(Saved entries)
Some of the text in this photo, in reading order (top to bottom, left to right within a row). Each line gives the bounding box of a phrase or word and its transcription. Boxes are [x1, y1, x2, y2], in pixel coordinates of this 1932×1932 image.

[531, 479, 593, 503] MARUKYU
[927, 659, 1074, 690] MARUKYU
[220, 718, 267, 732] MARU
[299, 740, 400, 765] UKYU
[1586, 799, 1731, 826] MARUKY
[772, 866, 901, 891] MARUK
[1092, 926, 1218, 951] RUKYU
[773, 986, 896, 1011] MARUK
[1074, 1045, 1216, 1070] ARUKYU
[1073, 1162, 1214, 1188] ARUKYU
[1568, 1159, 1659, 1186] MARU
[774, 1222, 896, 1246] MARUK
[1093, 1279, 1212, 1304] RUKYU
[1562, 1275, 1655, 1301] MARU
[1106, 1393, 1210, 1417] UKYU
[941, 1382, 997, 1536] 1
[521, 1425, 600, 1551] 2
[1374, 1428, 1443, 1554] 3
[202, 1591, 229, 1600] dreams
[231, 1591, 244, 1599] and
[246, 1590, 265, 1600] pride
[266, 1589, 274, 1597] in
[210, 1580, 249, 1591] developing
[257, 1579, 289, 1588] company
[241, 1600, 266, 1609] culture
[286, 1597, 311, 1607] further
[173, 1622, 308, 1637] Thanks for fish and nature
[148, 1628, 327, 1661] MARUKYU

Exercise goal » Line by line, reproduce the records above exactly.

Output below »
Some of the text in this photo, in reading order (top to bottom, left to right within a row). Each line gives the bounding box of a phrase or word and its transcription. Boxes are [x1, y1, x2, y2], in pixel coordinates of this 1932×1932 image.

[531, 479, 593, 503] MARUKYU
[927, 659, 1074, 690] MARUKYU
[220, 718, 267, 732] MARU
[299, 740, 400, 765] UKYU
[1586, 799, 1731, 826] MARUKY
[772, 866, 901, 891] MARUK
[1092, 926, 1218, 951] RUKYU
[773, 986, 896, 1011] MARUK
[1074, 1045, 1216, 1070] ARUKYU
[1073, 1162, 1214, 1188] ARUKYU
[1568, 1159, 1659, 1186] MARU
[774, 1222, 896, 1246] MARUK
[1093, 1279, 1212, 1304] RUKYU
[1562, 1275, 1655, 1301] MARU
[1106, 1393, 1210, 1417] UKYU
[941, 1382, 997, 1536] 1
[521, 1425, 600, 1551] 2
[1374, 1428, 1443, 1554] 3
[202, 1591, 229, 1600] dreams
[231, 1591, 244, 1599] and
[246, 1590, 265, 1600] pride
[266, 1589, 274, 1597] in
[210, 1580, 249, 1591] developing
[257, 1579, 289, 1588] company
[241, 1600, 266, 1609] culture
[286, 1597, 311, 1607] further
[173, 1622, 308, 1637] Thanks for fish and nature
[148, 1628, 327, 1661] MARUKYU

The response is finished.